-- Provided entries follows --
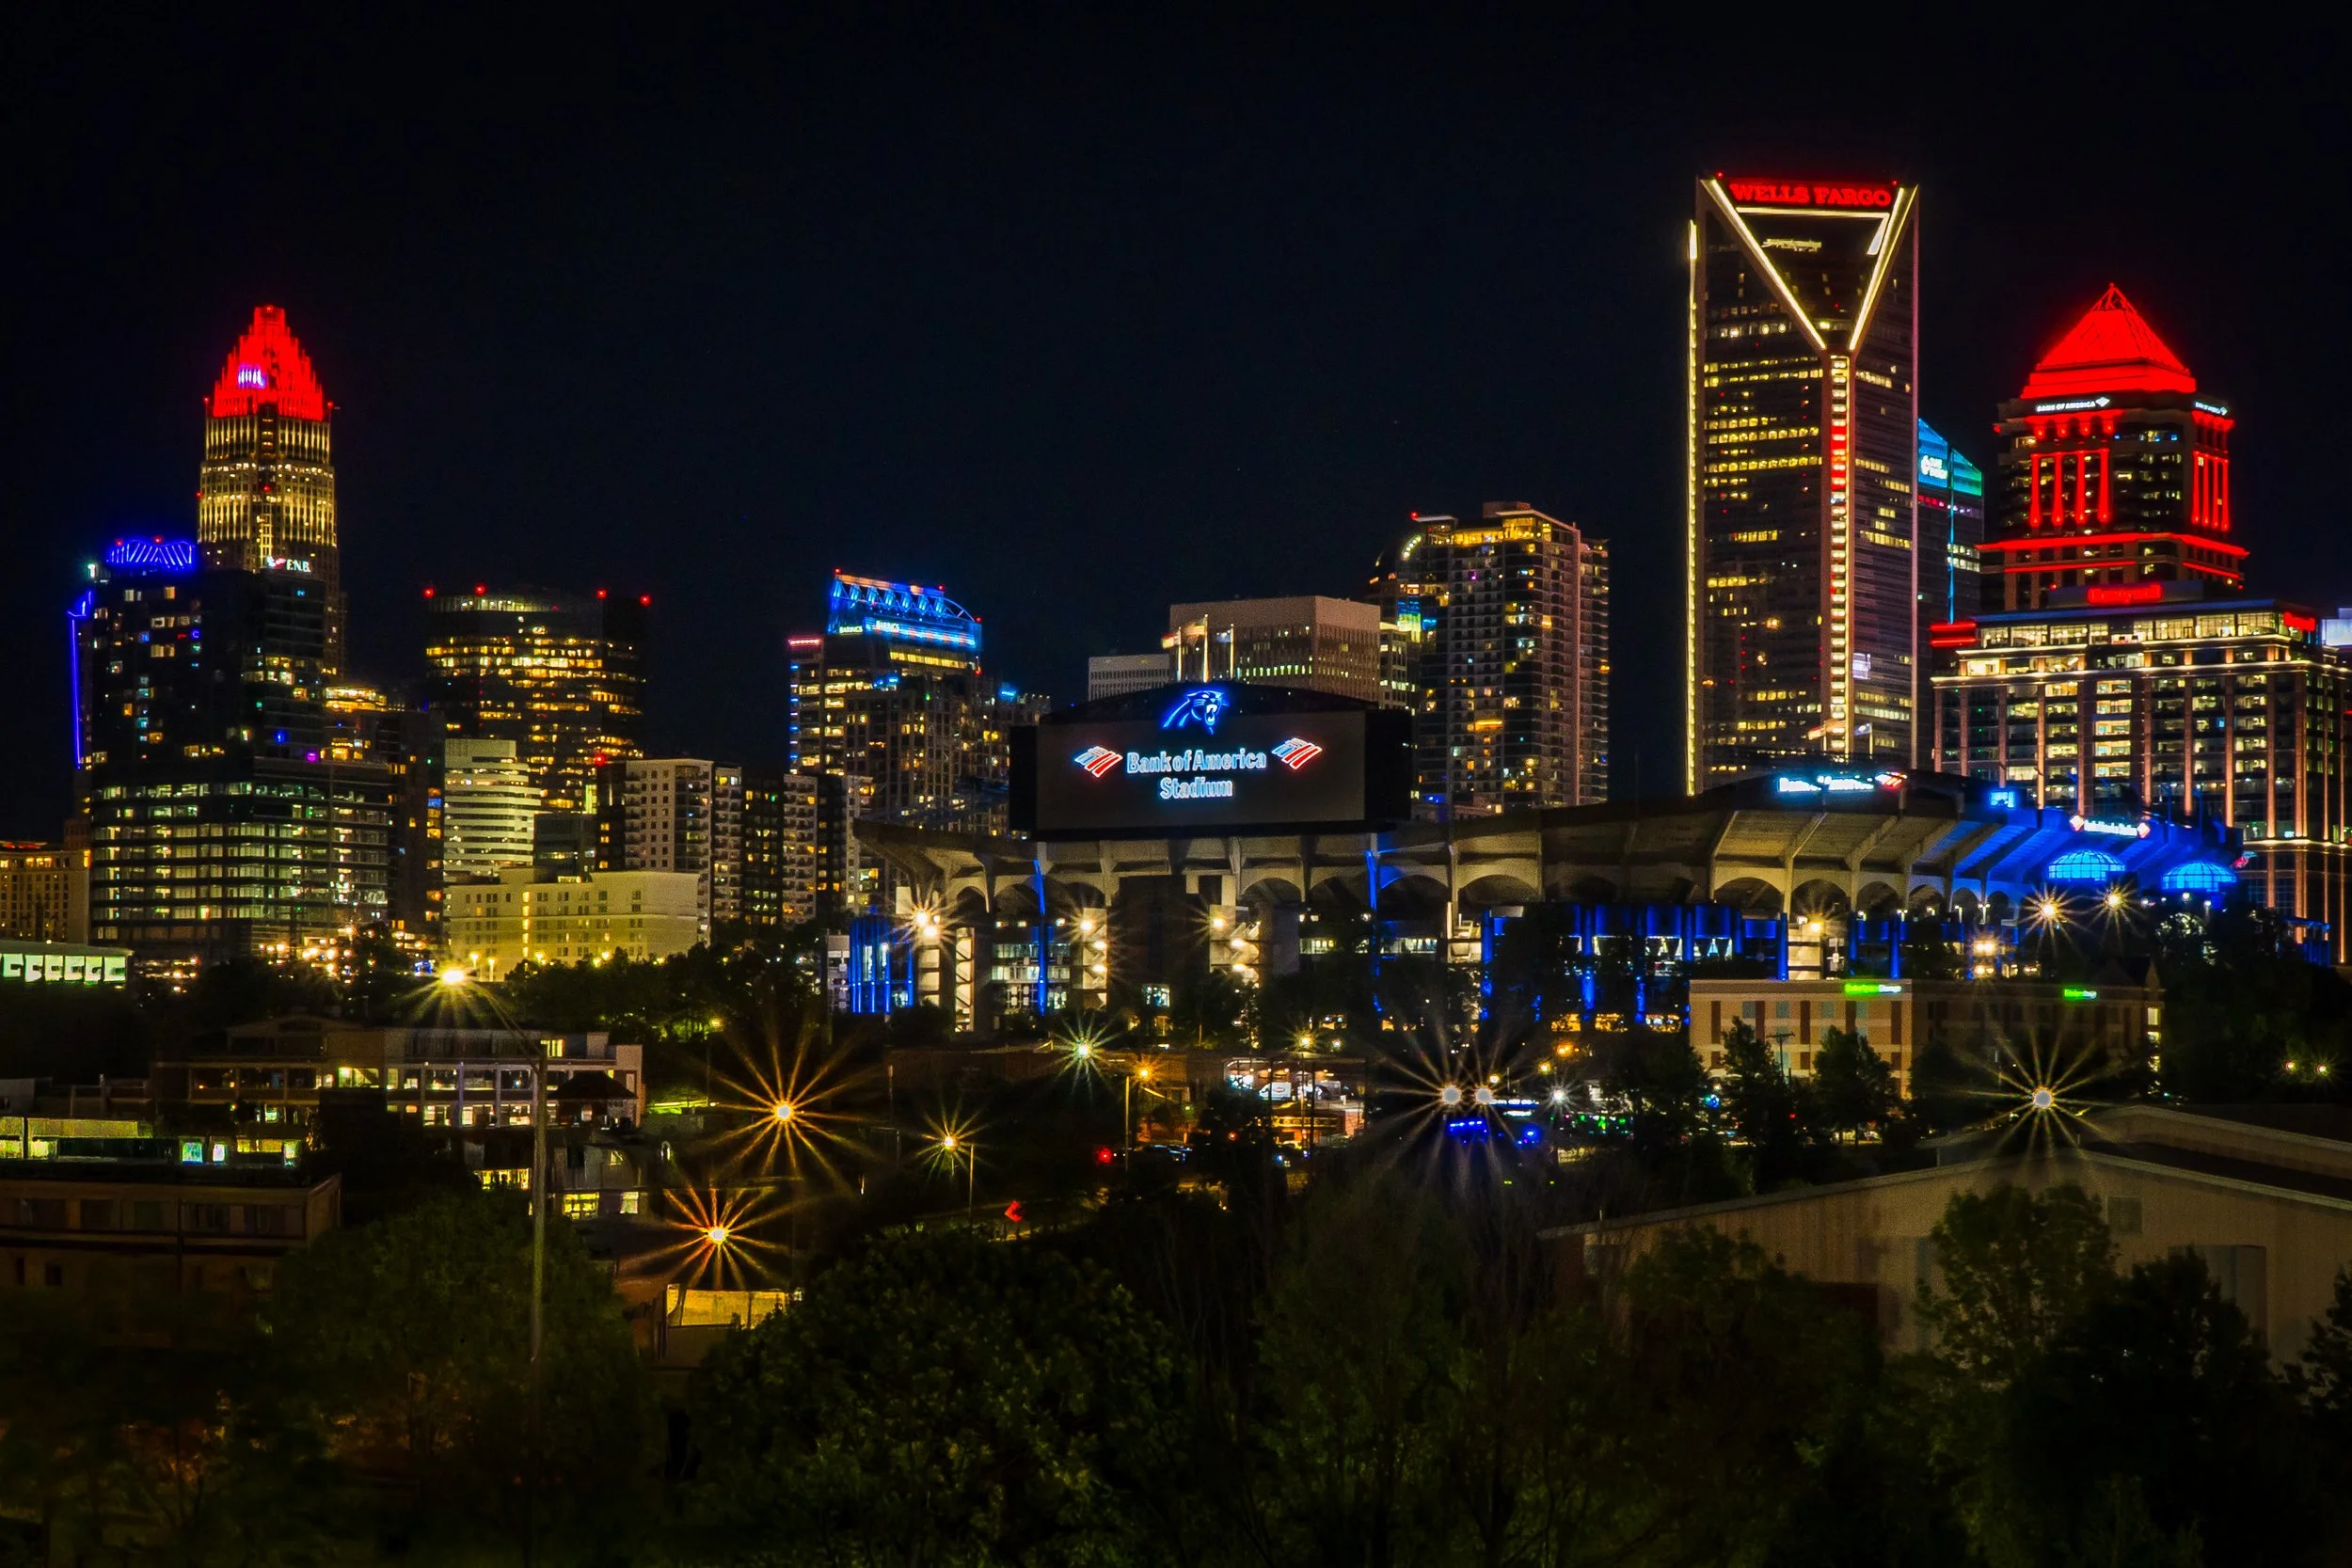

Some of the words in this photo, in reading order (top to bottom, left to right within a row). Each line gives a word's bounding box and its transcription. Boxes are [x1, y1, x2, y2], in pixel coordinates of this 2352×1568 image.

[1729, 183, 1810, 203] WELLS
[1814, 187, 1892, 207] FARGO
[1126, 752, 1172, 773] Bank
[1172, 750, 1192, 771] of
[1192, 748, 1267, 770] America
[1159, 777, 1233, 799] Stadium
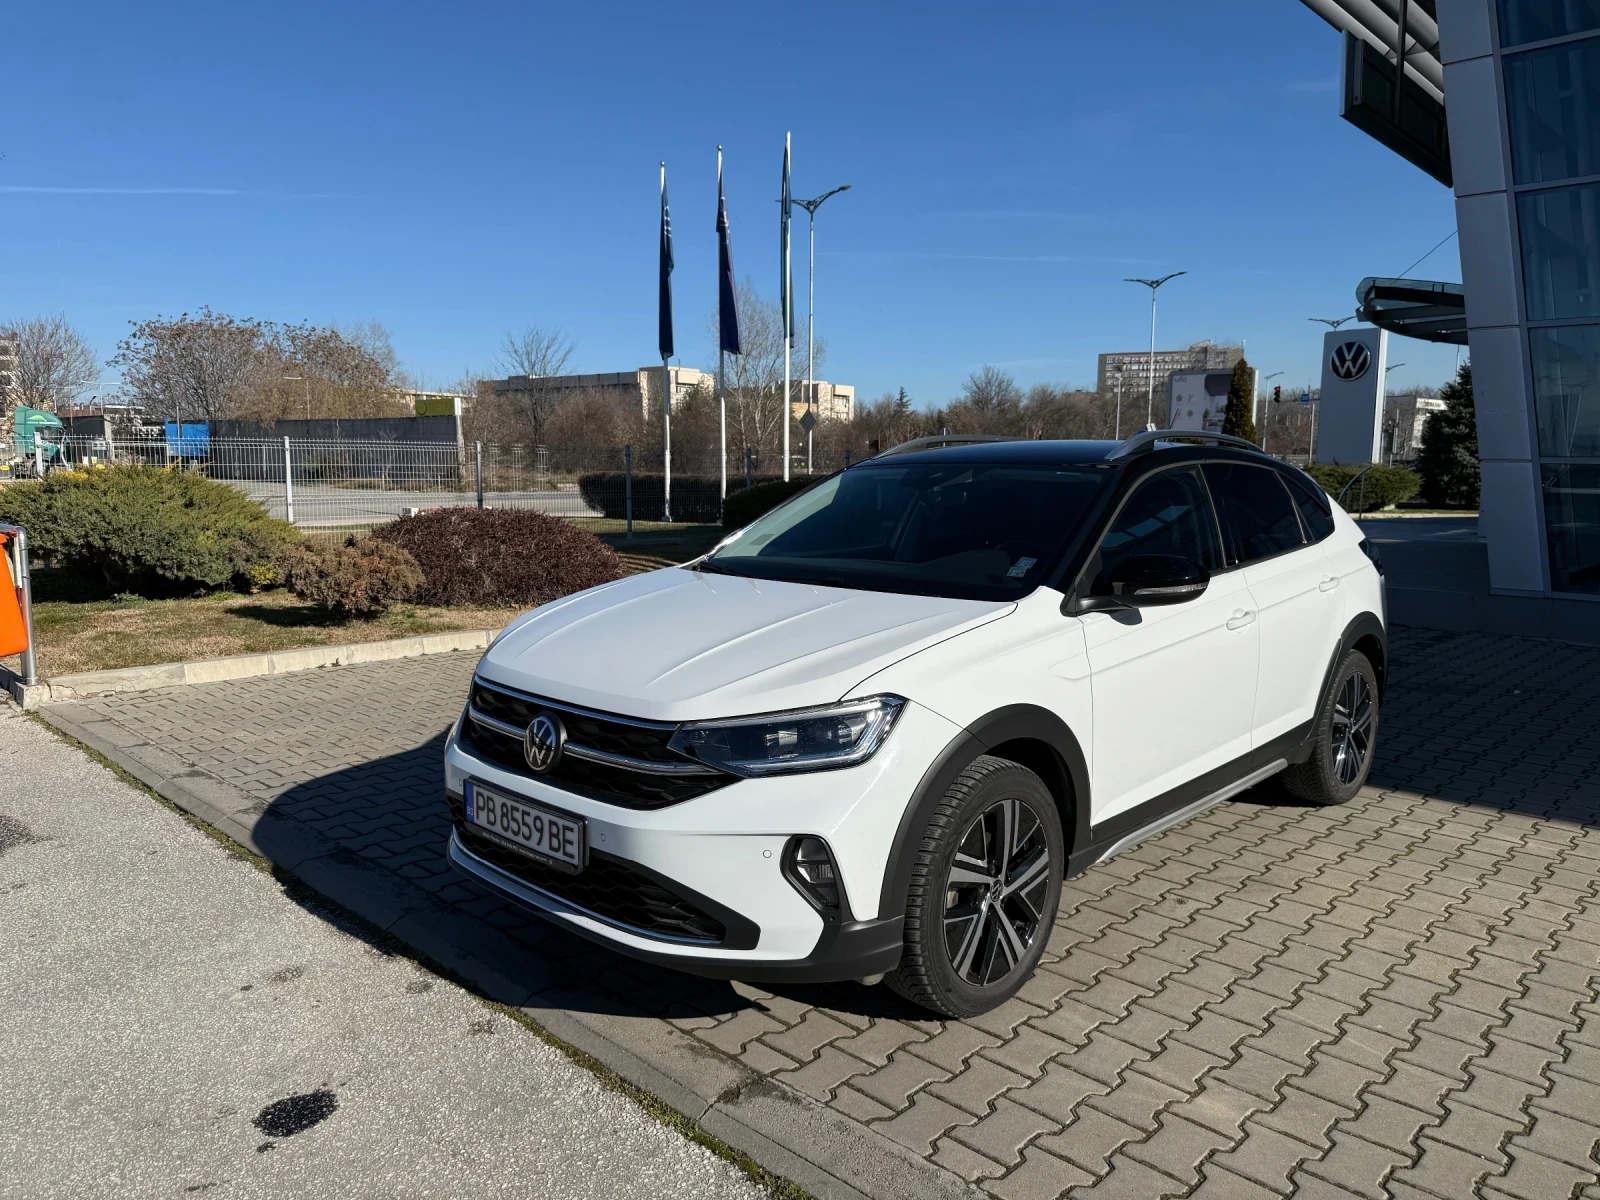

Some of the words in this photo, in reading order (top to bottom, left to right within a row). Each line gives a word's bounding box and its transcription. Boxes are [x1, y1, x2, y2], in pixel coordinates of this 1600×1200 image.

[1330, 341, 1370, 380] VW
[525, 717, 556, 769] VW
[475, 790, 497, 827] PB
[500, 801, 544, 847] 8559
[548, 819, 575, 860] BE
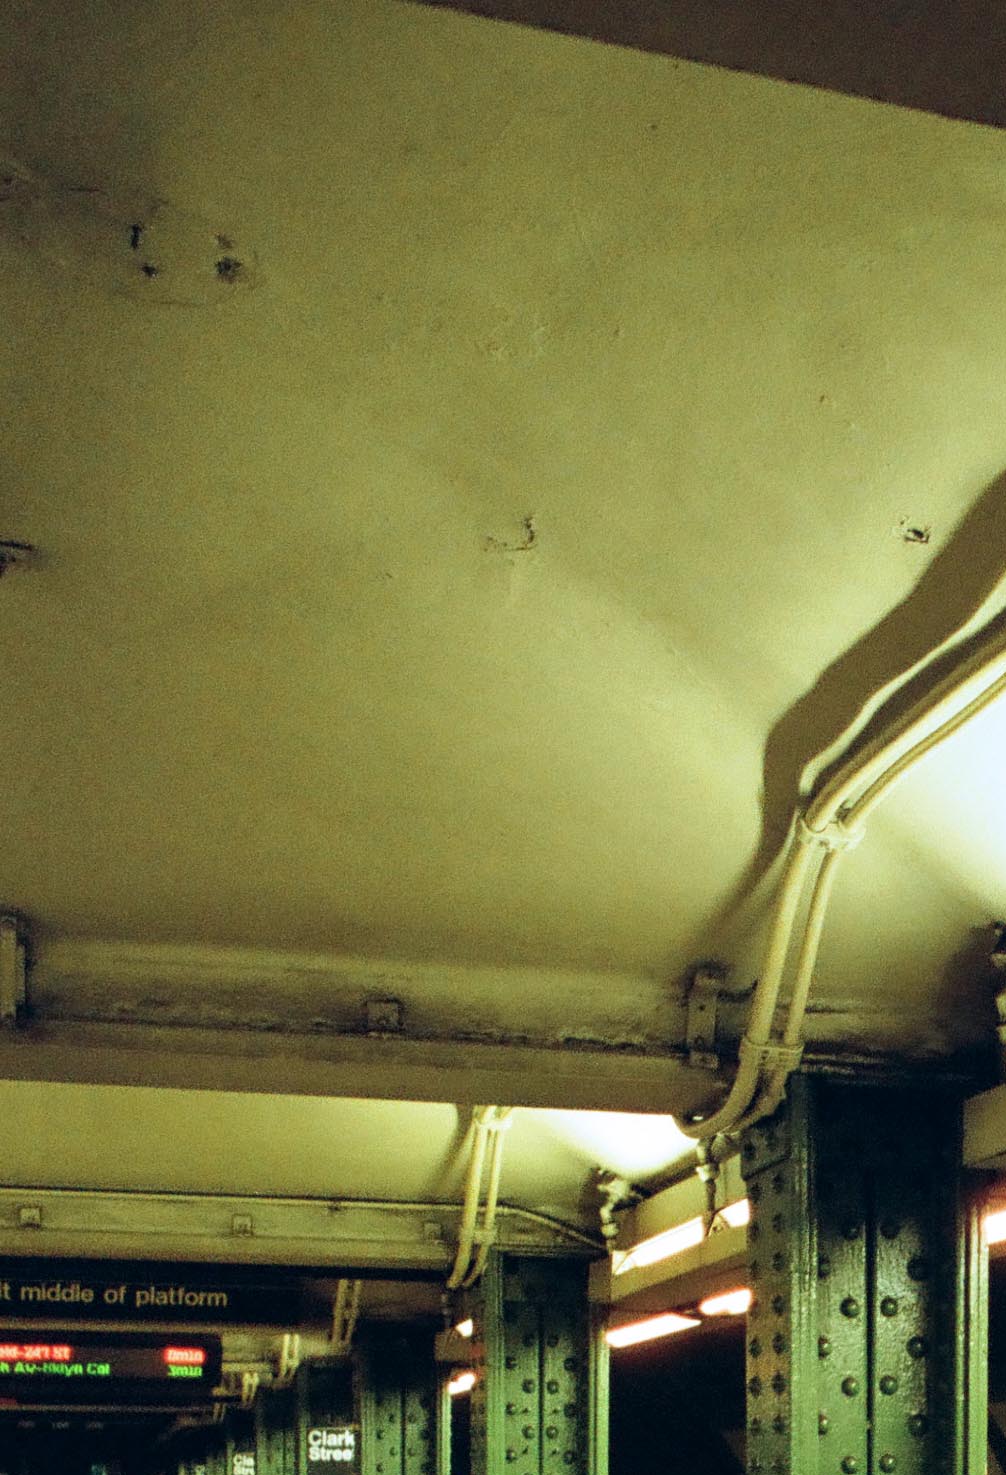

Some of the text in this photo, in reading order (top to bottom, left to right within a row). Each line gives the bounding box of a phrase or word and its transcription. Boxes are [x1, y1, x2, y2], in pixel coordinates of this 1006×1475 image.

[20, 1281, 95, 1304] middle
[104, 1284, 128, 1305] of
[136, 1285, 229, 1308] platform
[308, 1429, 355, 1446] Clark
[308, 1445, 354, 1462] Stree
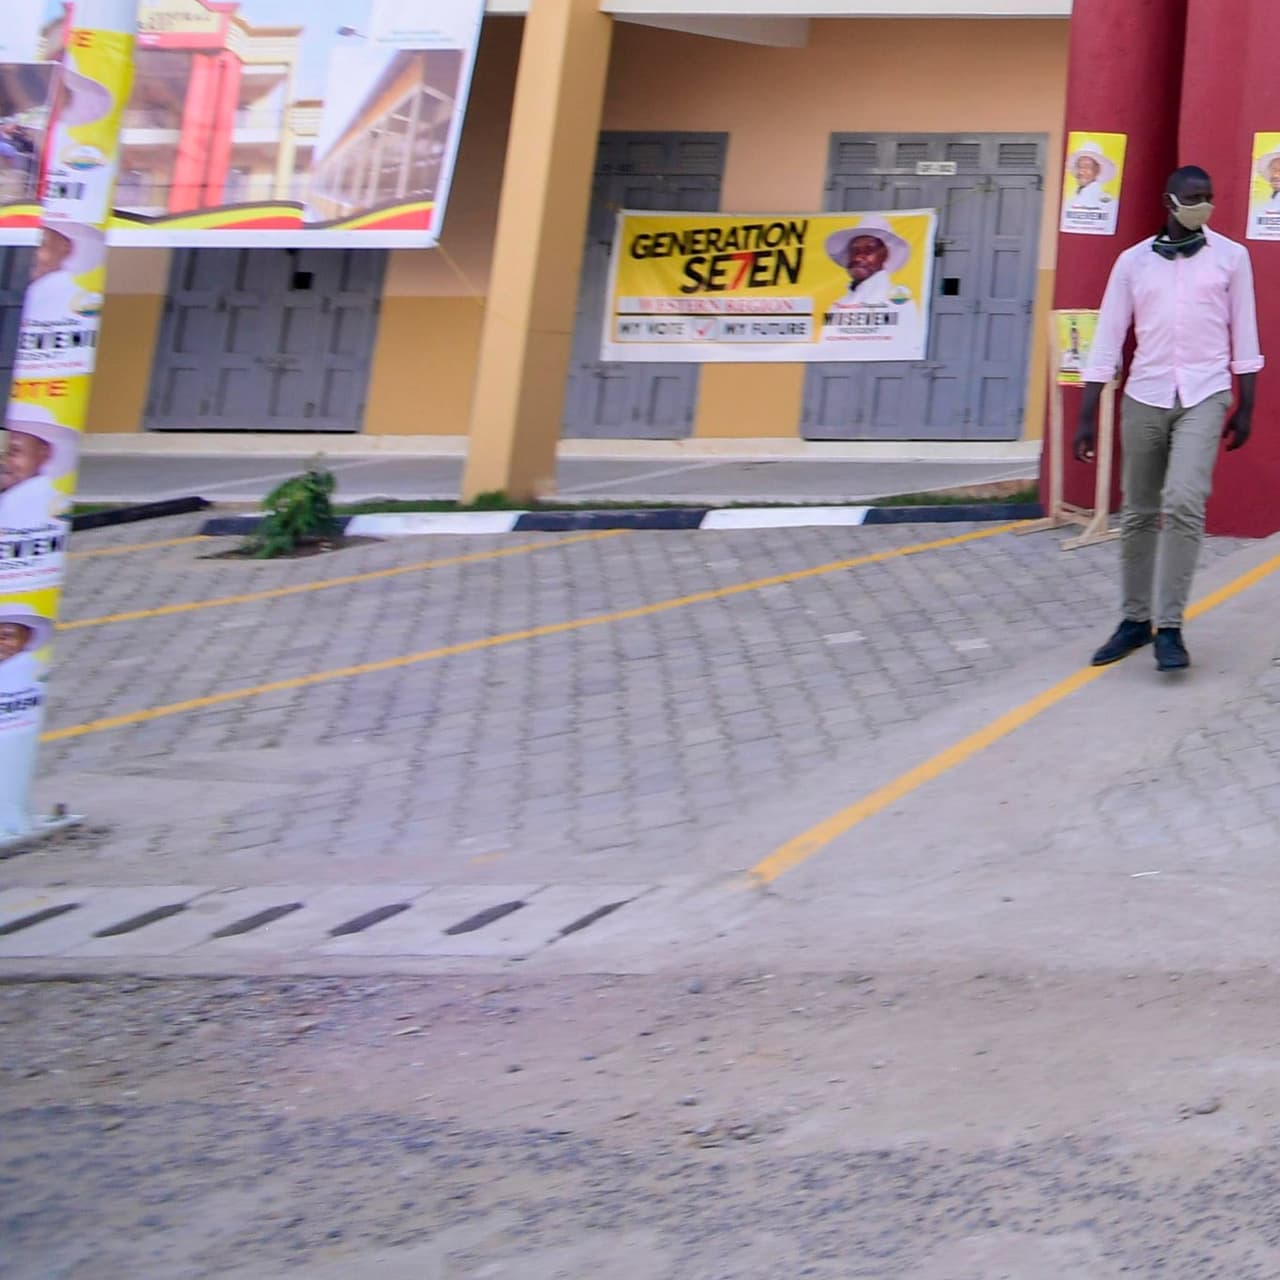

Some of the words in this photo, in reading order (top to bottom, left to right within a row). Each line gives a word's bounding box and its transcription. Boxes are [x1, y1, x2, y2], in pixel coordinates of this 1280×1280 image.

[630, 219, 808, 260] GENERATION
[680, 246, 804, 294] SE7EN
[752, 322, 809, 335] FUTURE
-- Provided entries concluded --
# Exercise
The data above must be given again in full and unaltered, minus its images.

# Problem solution
Some of the words in this photo, in reading order (top to bottom, left to right within a row). Each line gives a word's bounding box and its transcription. Boxes are [x1, y1, x2, y2], in pixel coordinates of this 2352×1568 image.

[1729, 183, 1810, 203] WELLS
[1814, 187, 1892, 207] FARGO
[1126, 752, 1172, 773] Bank
[1172, 750, 1192, 771] of
[1192, 748, 1267, 770] America
[1159, 777, 1233, 799] Stadium

Some of the words in this photo, in reading order (top to bottom, left to right within a row). Each line gives a word's bounding box and its transcription. Boxes are [x1, y1, x2, y2], in pixel coordinates of this 1600×1200 image.

[1330, 341, 1370, 380] VW
[525, 717, 556, 769] VW
[475, 790, 497, 827] PB
[500, 801, 544, 847] 8559
[548, 819, 575, 860] BE

Some of the text in this photo, in reading order (top to bottom, left to right within a row). Each line gives the bounding box of a phrase or word and its transcription. Boxes are [x1, y1, x2, y2], in pixel coordinates of this 1006×1475 image.

[20, 1281, 95, 1304] middle
[104, 1284, 128, 1305] of
[136, 1285, 229, 1308] platform
[308, 1429, 355, 1446] Clark
[308, 1445, 354, 1462] Stree

Some of the words in this photo, in reading order (top to bottom, left to right within a row). Each line gives a word's bounding box and its transcription. Boxes are [x1, y1, x2, y2], in pixel coordinates of this 1280×1280 image.

[630, 219, 808, 260] GENERATION
[680, 246, 804, 294] SE7EN
[752, 322, 809, 335] FUTURE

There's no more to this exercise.